Toda película tiene una vida secreta anterior al estreno, hecha de documentos que el espectador nunca verá. Dosieres de prensa, memorias de producción, guiones en sucesivas versiones y fichas técnicas viajan durante meses entre productoras, distribuidoras, festivales y medios. Es un cine de despacho, sin banda sonora, en el que un archivo demasiado pesado puede retrasar una candidatura o dejar a un periodista sin material la víspera de una cobertura. Merece la pena, por tanto, dedicarle unas líneas a esa logística invisible.

El dosier de prensa: la película antes de la película

El dosier es la carta de presentación de cualquier título, del gran estreno comercial al cortometraje que empieza su recorrido. Sinopsis, notas de dirección, biofilmografías, fotogramas y cartel conviven en un mismo PDF que debe seducir en pocos minutos de lectura. La tentación de incluir imágenes a máxima resolución es comprensible, pero convierte el documento en un archivo de decenas de megas que los servidores de correo rechazan o que el crítico, con el móvil y poca cobertura, nunca llega a abrir. Un dosier que no se puede descargar es, a efectos prácticos, un dosier que no existe.

Festivales y plataformas: buzones con límite

Las inscripciones a festivales y mercados se gestionan hoy por formularios en línea que imponen límites de tamaño estrictos, y los correos convencionales tampoco perdonan: los servicios más habituales rechazan adjuntos que superan los veinte o veinticinco megas. Para equipos que envían la misma documentación a decenas de certámenes, cada rebote es tiempo perdido y, en fechas de cierre de convocatoria, un riesgo real de quedarse fuera. La solución no pasa por empobrecer los materiales, sino por optimizarlos antes del envío.

Aligerar sin sacrificar el fotograma

Ahí entra en juego una herramienta poco cinematográfica pero enormemente útil: pasar el documento por un compresor pdf en el navegador, como el de Adobe Acrobat, reduce el tamaño del archivo en unos segundos y permite elegir entre varios niveles de compresión según lo que se necesite. Para un dosier con abundante material gráfico, el nivel medio suele mantener los fotogramas nítidos con un peso muy inferior; para documentos principalmente de texto, la compresión alta apura hasta el último mega. No hay que instalar nada y el proceso funciona igualmente desde el móvil, algo que agradecerá quien deba reenviar materiales desde la propia alfombrilla de un festival.

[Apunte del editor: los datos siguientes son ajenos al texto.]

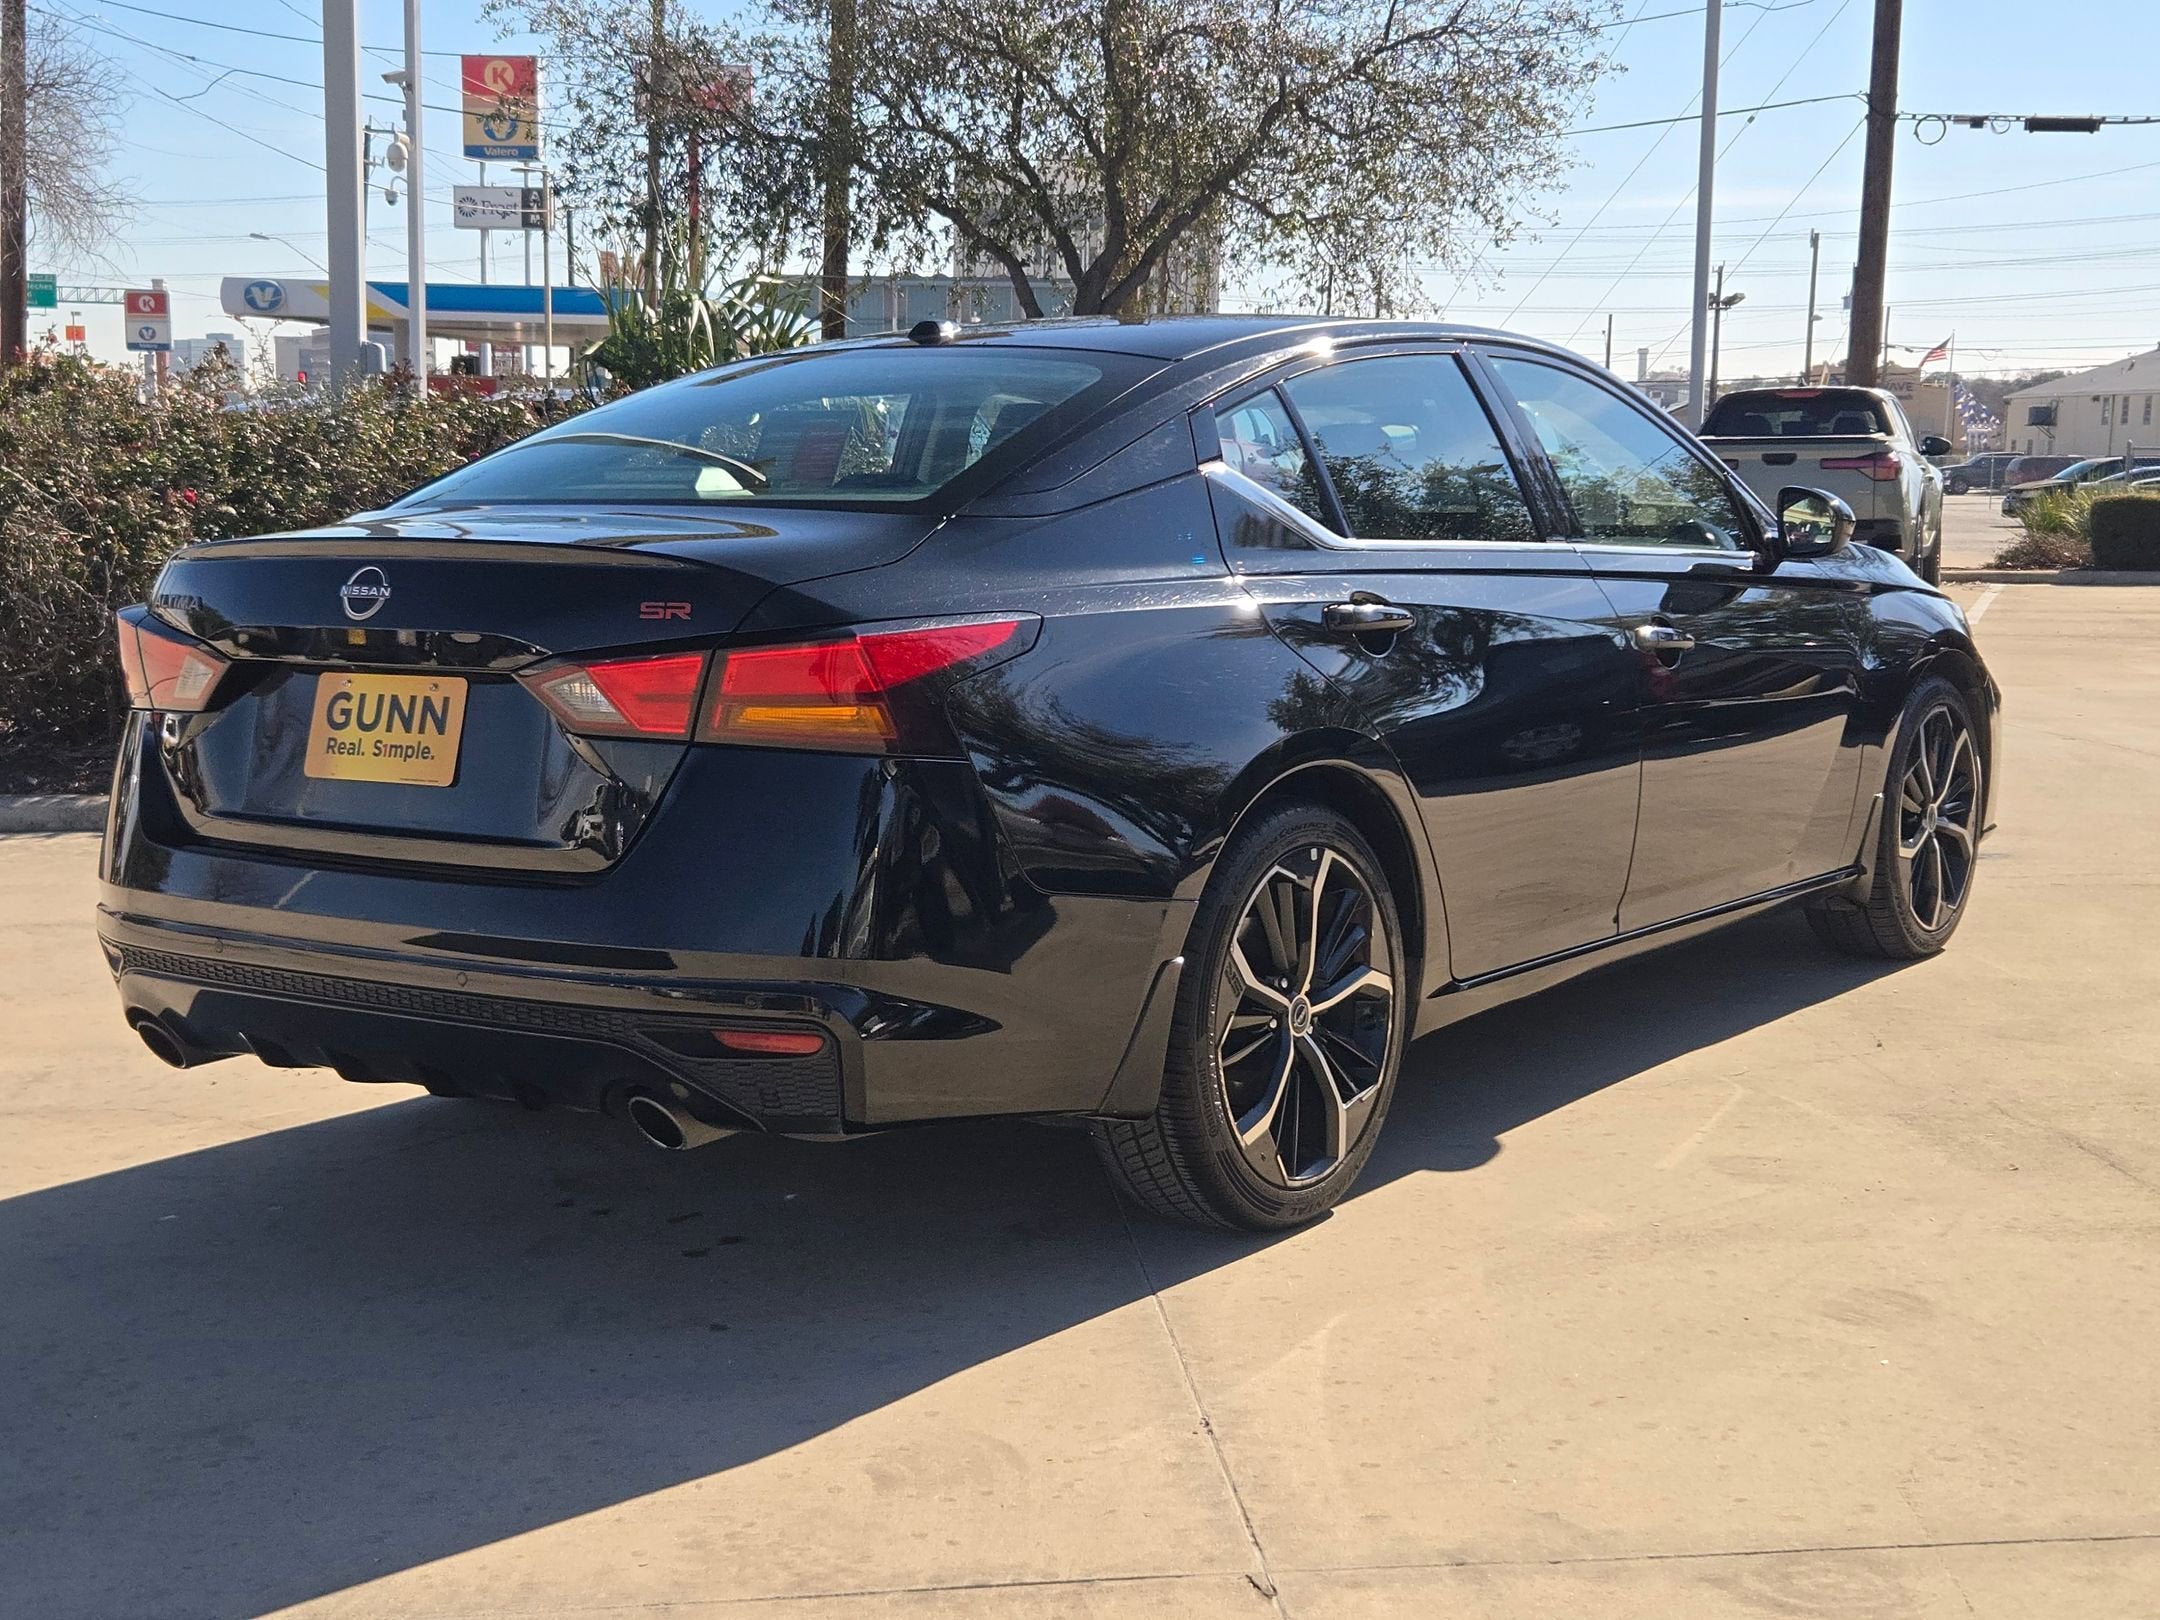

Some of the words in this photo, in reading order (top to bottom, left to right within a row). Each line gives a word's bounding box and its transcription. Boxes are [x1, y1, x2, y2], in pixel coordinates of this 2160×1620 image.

[484, 147, 519, 157] Valero
[340, 585, 391, 597] NISSAN
[155, 595, 202, 610] ALTIMA
[640, 602, 692, 620] SR
[326, 691, 451, 735] GUNN
[326, 737, 365, 756] Real.

El guion también viaja en PDF

La misma lógica alcanza al guion, ese documento que se comparte con pudor y del que conviene controlar versiones. Enviarlo en formato cerrado protege la maquetación, esencial en un texto donde los márgenes y la disposición en página forman parte del oficio, y evita modificaciones accidentales por el camino. Añadir la fecha y la versión al nombre del archivo ahorra malentendidos cuando la reescritura avanza y circulan varios borradores entre producción, dirección e intérpretes.

El archivo de la productora: memoria y herramienta

Hay, además, una razón de fondo para cuidar todo este material: el archivo de una productora es memoria e instrumento de trabajo a la vez. Los dosieres de títulos anteriores sirven de plantilla y de tarjeta de visita ante nuevos socios; las memorias presentadas a convocatorias pasadas aceleran la preparación de las siguientes; los guiones en sus distintas versiones documentan la evolución creativa de un proyecto y, llegado el caso, respaldan discusiones sobre autoría. Nada de eso funciona si los documentos viven dispersos en correos antiguos y carpetas de descargas. La práctica sensata es sencilla: una carpeta por proyecto, subcarpetas por tipo de documento, versiones definitivas en formato cerrado y ligero, y una copia de seguridad fuera del ordenador principal. Las productoras pequeñas, que rara vez cuentan con personal de administración dedicado, son precisamente las que más agradecen ese orden el día que un festival pide materiales con veinticuatro horas de plazo.

Ayudas y ventanillas oficiales

La administración cultural también recibe todo este papel en formato digital. Las líneas de apoyo al sector que gestiona el Instituto de la Cinematografía y de las Artes Audiovisuales exigen presentar memorias, presupuestos y documentación acreditativa a través de sedes electrónicas, con sus propios requisitos de formato y tamaño. Llegar a esas convocatorias con los documentos ya optimizados y bien nombrados evita sustos de última hora ante un formulario que no admite el archivo.

Conclusión

El cine se defiende en la pantalla, pero antes tiene que llegar a ella, y ese trayecto está pavimentado de documentos. Cuidar el peso de un dosier, la versión de un guion o el formato de una memoria no es burocracia menor: es parte de la producción, tan artesanal a su manera como el etalonaje o la mezcla de sonido. Que ningún proyecto se quede en la cuneta por un archivo que no cabía en un buzón.